Treatment differences in pulmonary arterial hypertension management

Bradley A Maron 1, John J Ryan 2
PMCID: PMC5210068  PMID: 28090308

Editor:

We read with interest the survey-based study by Preston and colleagues1 reporting on physician adherence to clinical guidelines for the diagnosis of pulmonary arterial hypertension (PAH) and international trends in the treatment of patients. Their findings illustrate underutilization of right heart catheterization for diagnosing PAH and demonstrate important regional differences in implementation of PAH-specific therapy.

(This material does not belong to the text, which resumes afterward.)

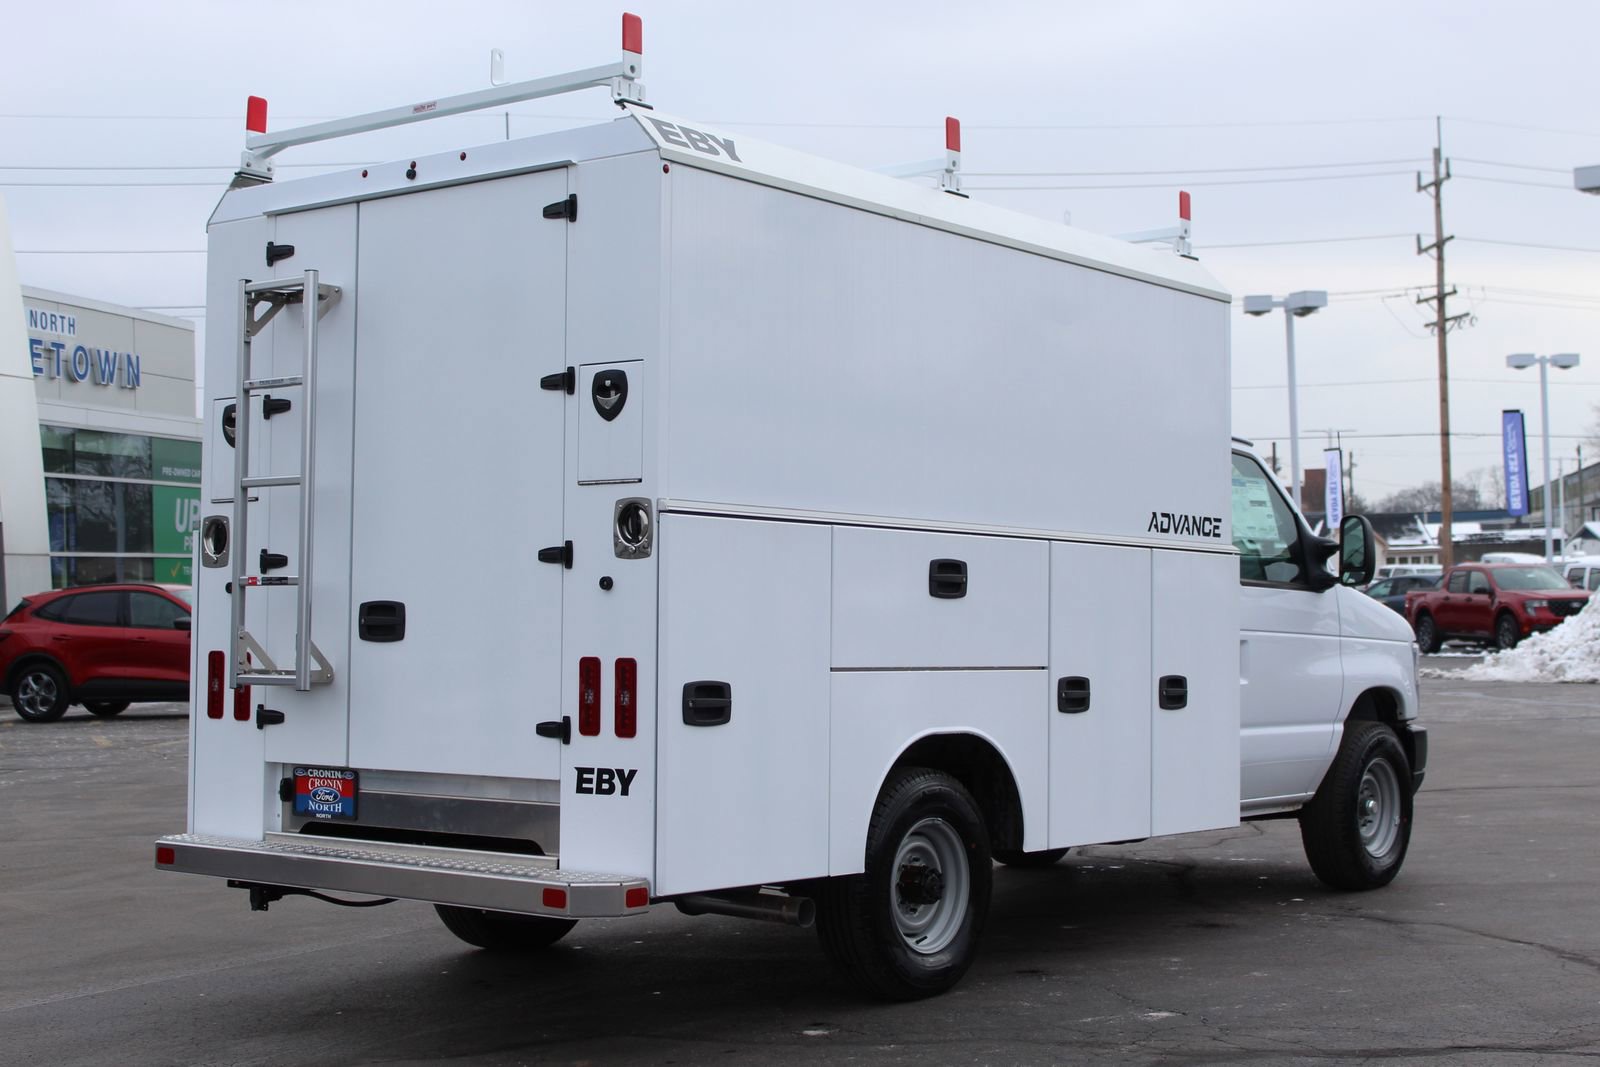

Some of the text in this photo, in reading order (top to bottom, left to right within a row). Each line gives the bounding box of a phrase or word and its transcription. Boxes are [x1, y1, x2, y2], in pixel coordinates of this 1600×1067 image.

We note the opening statement of the “Discussion” section, which suggests that these findings are from the first physician-based perception study characterizing similarities and differences in the diagnosis and management of PAH globally. In our view, this omits important contributions on the topic published elsewhere.2-4 For example, we reported findings from a survey completed by 105 expert PAH clinicians practicing in 25 different countries.5 In that study, wide variability in PAH drug preference and deviation from expert consensus guidelines for PAH diagnosis were observed across the entire study cohort and, specifically, between US and non-US respondents. Findings from Preston and colleagues and our report are consistent in demonstrating persistent misconceptions among practitioners regarding requirements for diagnosing and treating PAH, which has also been reported widely using alternative research methods.6,7 Despite this sizeable literature, the precise factors that contribute to treatment differences and practice guideline nonadherence remain incompletely characterized. Indeed, addressing this unanswered question would seem necessary for determining the extent to which practice variability is a modifiable contributor to adverse outcome in PAH.

References

  • 1.Preston IR, Hinzmann B, Heinz S, Gall H, Jenkins D, Kim NH, Lang I. An international physician survey of pulmonary arterial hypertension management. Pulm Circ 2016;6(3):338–346. [DOI] [PMC free article] [PubMed]
  • 2.Taichman DB, McGoon MD, Harhay MO, Archer-Chicko C, Sager JS, Murugappan M, Chakinali MM, Palevsky HI, Gallop R. Wide variation in clinicians’ assessment of New York Heart Association/World Health Organization functional class in patients with pulmonary arterial hypertension. Mayo Clin Proc 2009;84(7):586–592. [DOI] [PMC free article] [PubMed]
  • 3.Borrie AE, Ostrow DN, Levy RD, Swiston JR. Assessing response to therapy in idiopathic pulmonary arterial hypertension: a consensus survey of Canadian pulmonary hypertension physicians. Can Respir J 2011;18(4):230–234. [DOI] [PMC free article] [PubMed]
  • 4.Avouac J, Huscher D, Furst DE, Opitz CF, Distler O, Allanore Y. Expert consensus for performing right heart catheterisation for suspected pulmonary arterial hypertension in systemic sclerosis: a Delphi consensus study with cluster analysis. Ann Rheum Dis 2013;73(1):191–197. [DOI] [PubMed]
  • 5.Ryan JJ, Butrous G, Maron BA. The heterogeneity of clinical practice patterns among an international cohort of pulmonary arterial hypertension experts. Pulm Circ 2014;4(3):441–451. [DOI] [PMC free article] [PubMed]
  • 6.Maron BA, Choudhary G, Khan UA, Jankowich MD, McChesney H, Ferrazzani SJ, Gaddam S, et al. Clinical profile and underdiagnosis of pulmonary hypertension in US veteran patients. Circ Heart Fail 2013;6(5):906–912. [DOI] [PMC free article] [PubMed]
  • 7.Ryan JJ, Rich JD, Thiruvoipati T, Swamy R, Kim GH, Rich S. Current practice for determining pulmonary capillary wedge pressure predisposes to serious errors in the classification of patients with pulmonary hypertension. Am Heart J 2012;163(4):589–594. [DOI] [PubMed]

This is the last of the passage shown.